Cuando su hijo bajó las escaleras, apagó el televisor.
–¿Dónde van? –quiso saber preocupado.
–Vamos a bailar con las chicas de quinto, hoy es el
cumpleaños de Mariana.
–¿Quién los lleva? Ojo, cuidado con tomar mucho.
–Nos pasa a buscar por el club 25 de Mayo el tío de
Raquel, creo.
–¿Y a la vuelta?
–A la vuelta ya arreglamos, Nacho se encarga, dijo que
no va a tomar.
Estadísticamente los boliches traían varios tipos de
eventualidades no queridas. Borracheras, peleas y accidentes en las calles. Pablo
sabía a lo que se estaba exponiendo su hijo, por eso antes de cerrar la puerta de
calle le pidió que lo llamara por teléfono ante cualquier eventualidad. Él atendería
el teléfono a la hora que fuere.
Antes de acostarse Pablo volvió a leer el diario, un
sábado de junio, frío, con lluvias intermitentes. Miró por la ventana la calle.

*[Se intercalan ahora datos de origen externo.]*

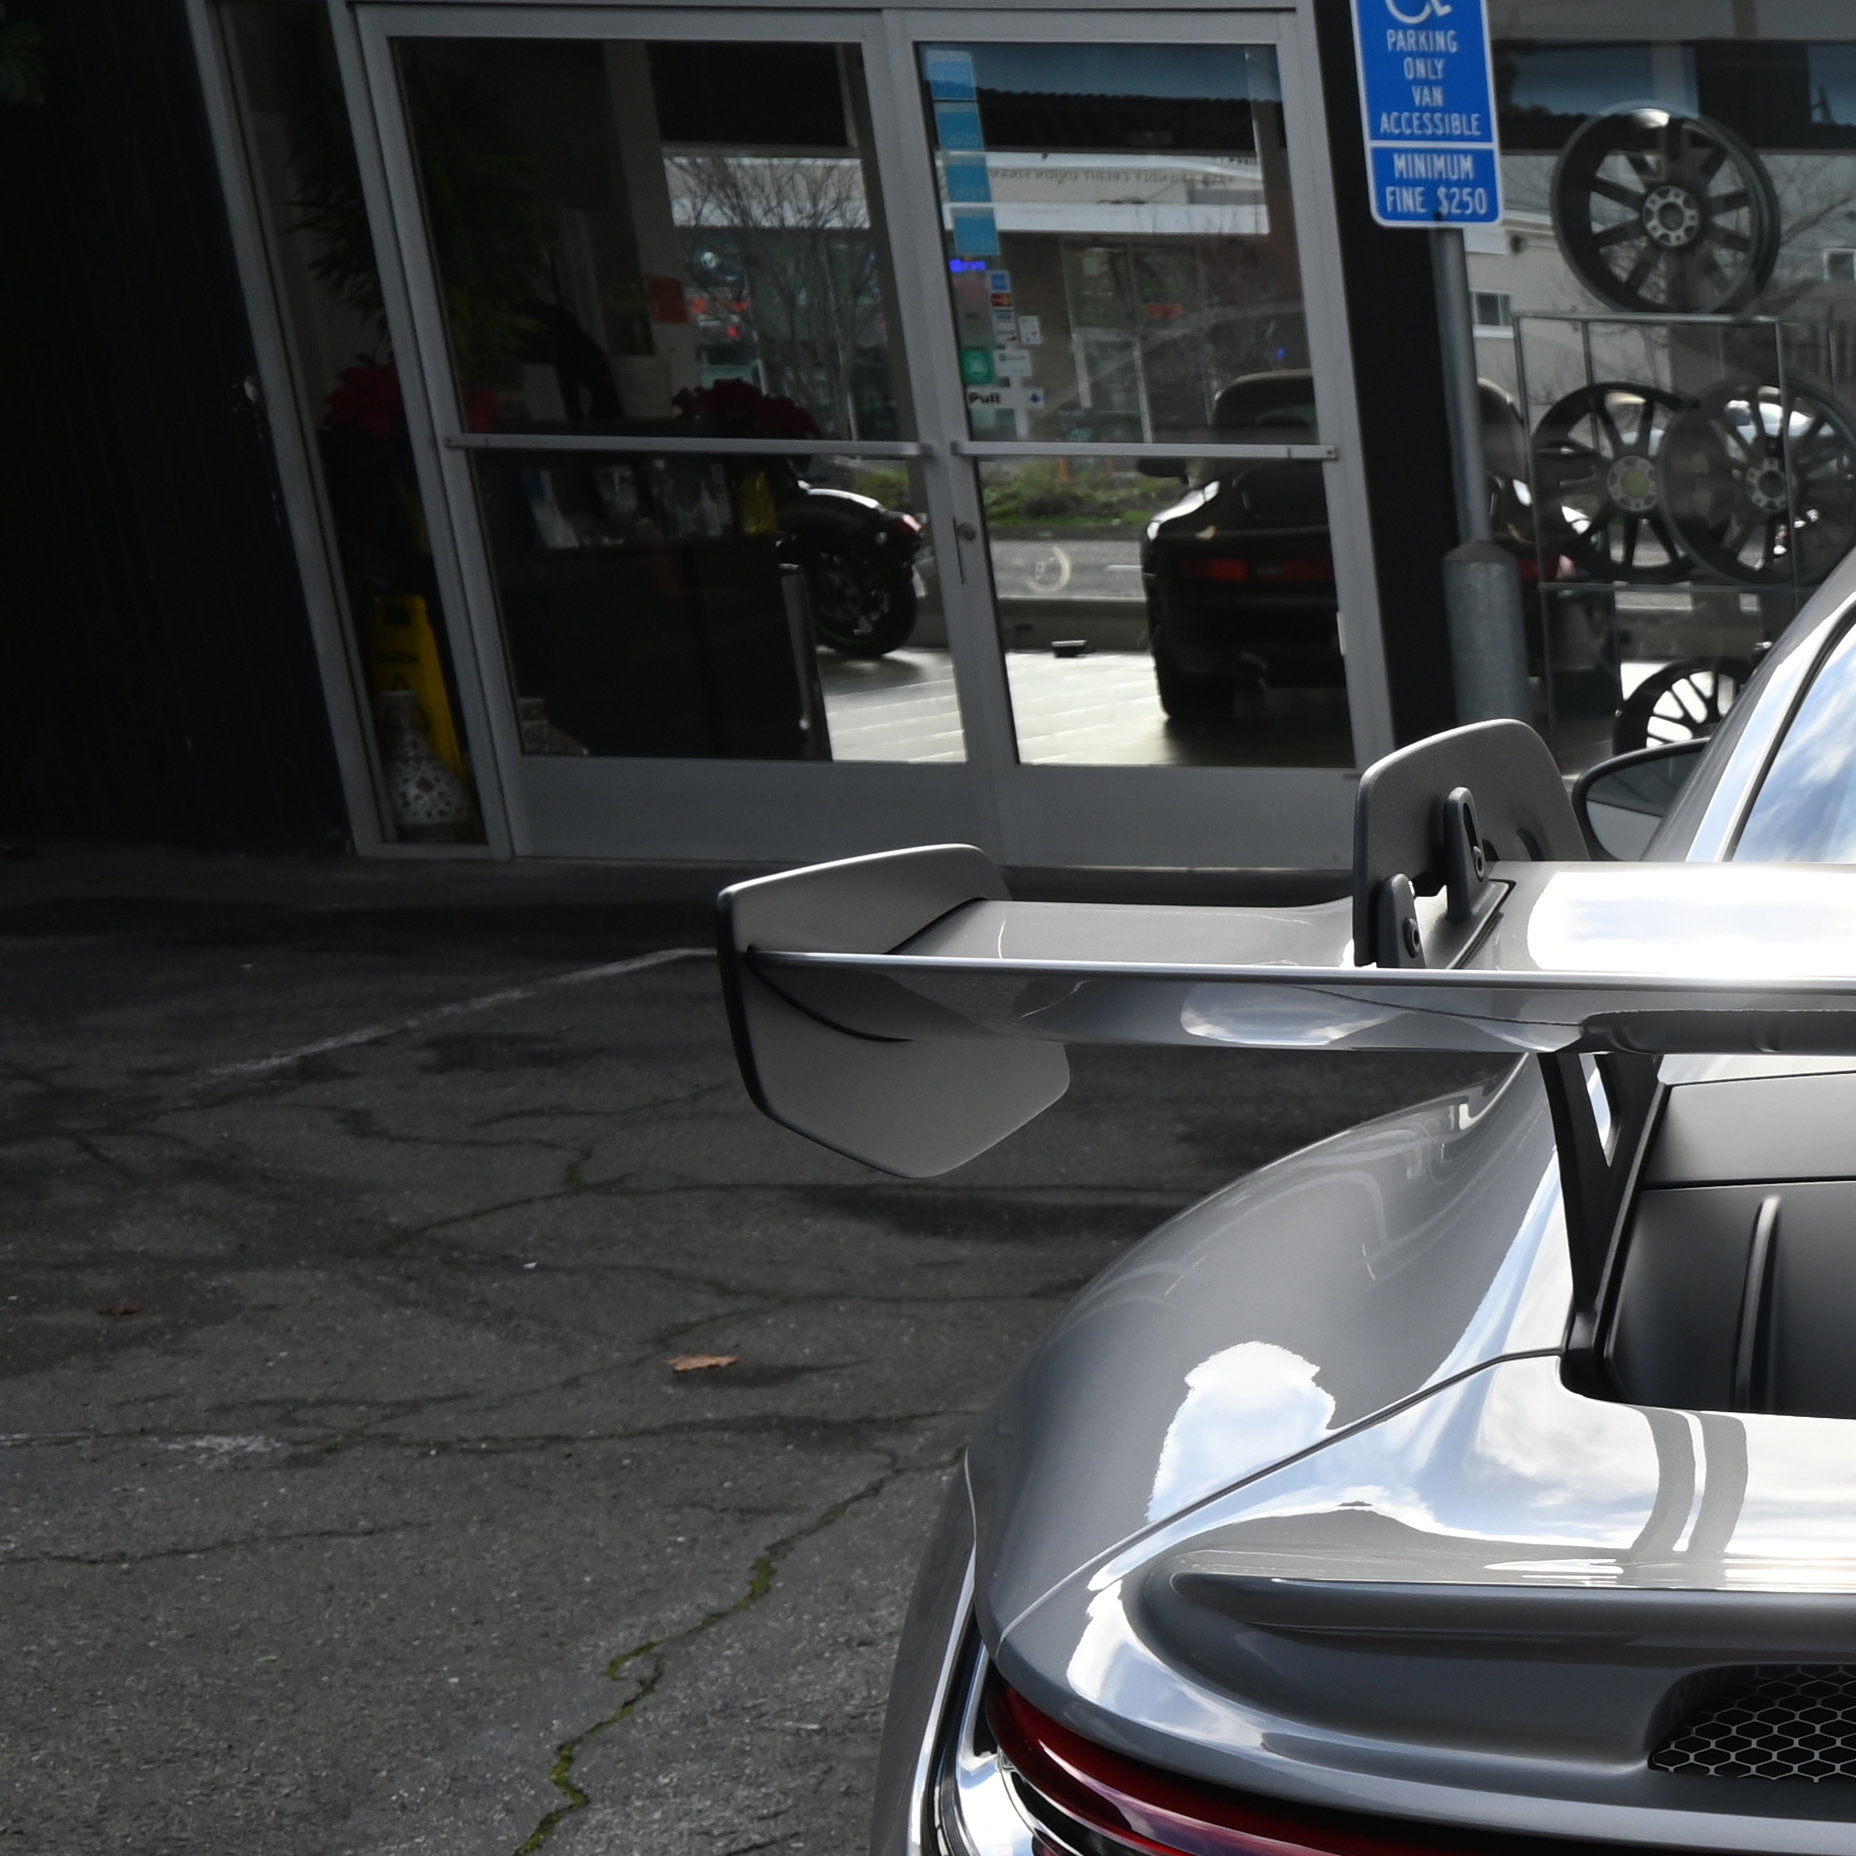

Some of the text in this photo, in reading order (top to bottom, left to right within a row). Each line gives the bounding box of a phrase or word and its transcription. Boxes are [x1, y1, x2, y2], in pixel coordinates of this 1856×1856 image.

[1386, 29, 1458, 52] PARKING
[1403, 57, 1444, 80] ONLY
[1411, 85, 1444, 106] VAN
[1380, 112, 1482, 136] ACCESSIBLE
[1393, 153, 1475, 180] MINIMUM
[1385, 186, 1488, 215] FINE $250
[968, 392, 1001, 404] Pull

El asfalto mojado le hizo subir una leve angustia desde el estómago. Volvió sobre
la noticia del día. Un micro de egresados había colisionado en la ruta de la muerte.
Pensó en su hijo, en la inseguridad, en los accidentes de todos los días en la capital,
en las estadísticas anuales de muertes por accidentes de tránsito. Tomó una pastilla
para dormir.
Hace diez años Pablo y su hijo habían plantado un ciprés
en el patio. Plantar un árbol era una de las cosas fundamentales en la vida según
la tradición familiar. Cada padre con su hijo generación tras generación lo había
hecho. En realidad, siempre había sido un Cedro del Líbano, así era el mandato del
patriarca, aquel bisabuelo sirio que había llegado de inmigrante.
Pero Pablo no sabía mucho de especies y plantó entonces
el ciprés. Él recordaba aquel episodio con mucha ternura. Con su padre lo había
hecho también en su vieja casa de infancia. Un árbol era todo un símbolo y un testimonio
de algo solemne y sacro. Un rito importante para la familia.
Esa noche sopló mucho viento. La lluvia se intensificó.
Pablo gracias al rivotril estaba bien dormido y no escuchó nada. El teléfono sonó
a las tres y media de la madrugada. Pero Pablo no se despertó sino hasta las ocho
y media.
Cuando lo hizo apenas pudo levantarse de la cama. El
techo había cedido. Tenía las vigas en el suelo, por un milagro no había sido aplastado
por el árbol. Dicen que los cipreses no son muy nobles en terrenos blandos y se
caen con facilidad.
Cuando su hijo volvió a las diez encontró media casa
venida abajo.
Pablo en estado de shock no lograba salir del asombro.